Representatives for The New York Times and OpenAI did not immediately respond.

OpenAI has asked a federal judge to dismiss part of a copyright lawsuit filed against it by The New York Times, saying the newspaper “hacked” its chatbot ChatGPT and other artificial intelligence systems to generate misleading evidence in the case.

OpenAI said in a filing in Manhattan federal court on Monday that The New York Times caused the technology to copy its material through “deceptive prompts that flagrantly violated OpenAI’s terms of use.”

“The allegations in The New York Times’ complaint do not meet the rigorous journalistic standards for which it is famous,” OpenAI said. “As this case progresses, the truth will come out and The New York Times paid people to hack OpenAI’s products.”
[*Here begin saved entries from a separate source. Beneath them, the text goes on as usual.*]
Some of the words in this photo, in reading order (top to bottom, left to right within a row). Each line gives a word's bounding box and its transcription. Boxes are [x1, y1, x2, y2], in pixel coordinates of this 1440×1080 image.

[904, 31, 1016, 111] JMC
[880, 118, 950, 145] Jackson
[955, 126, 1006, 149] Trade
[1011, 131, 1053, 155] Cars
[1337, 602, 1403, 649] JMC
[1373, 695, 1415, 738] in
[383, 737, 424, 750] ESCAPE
Representatives for The New York Times and OpenAI did not immediately respond to requests for comment on the document.

In December, the New York Times sued OpenAI and Microsoft, its largest financial backer, accusing them of using millions of its articles without permission to train chatbots to provide information to users.

The New York Times is one of the reasons several copyright holders, including groups of writers, visual artists and music publishers, are suing tech companies for allegedly misusing their works in training artificial intelligence.

Tech companies say their artificial intelligence systems fair use of copyrighted material, and the lawsuits threaten the growth of a potentially multi-trillion dollar industry.

The indictment accuses OpenAI and Microsoft of trying to “free ride on The New York Times’s massive investment in its journalism” and create alternatives to the newspaper. It cited several examples in which OpenAI and Microsoft chatbots provided users with near-verbatim excerpts of articles when prompted.

OpenAI said in its filing that it took “tens of thousands of attempts” for The New York Times to produce highly anomalous results.

“Under normal circumstances, one would not be free to use ChatGPT to serve up New York Times articles,” OpenAI said.

(Except for the headline, this story has not been edited by NDTV staff and is published from a syndicated feed.)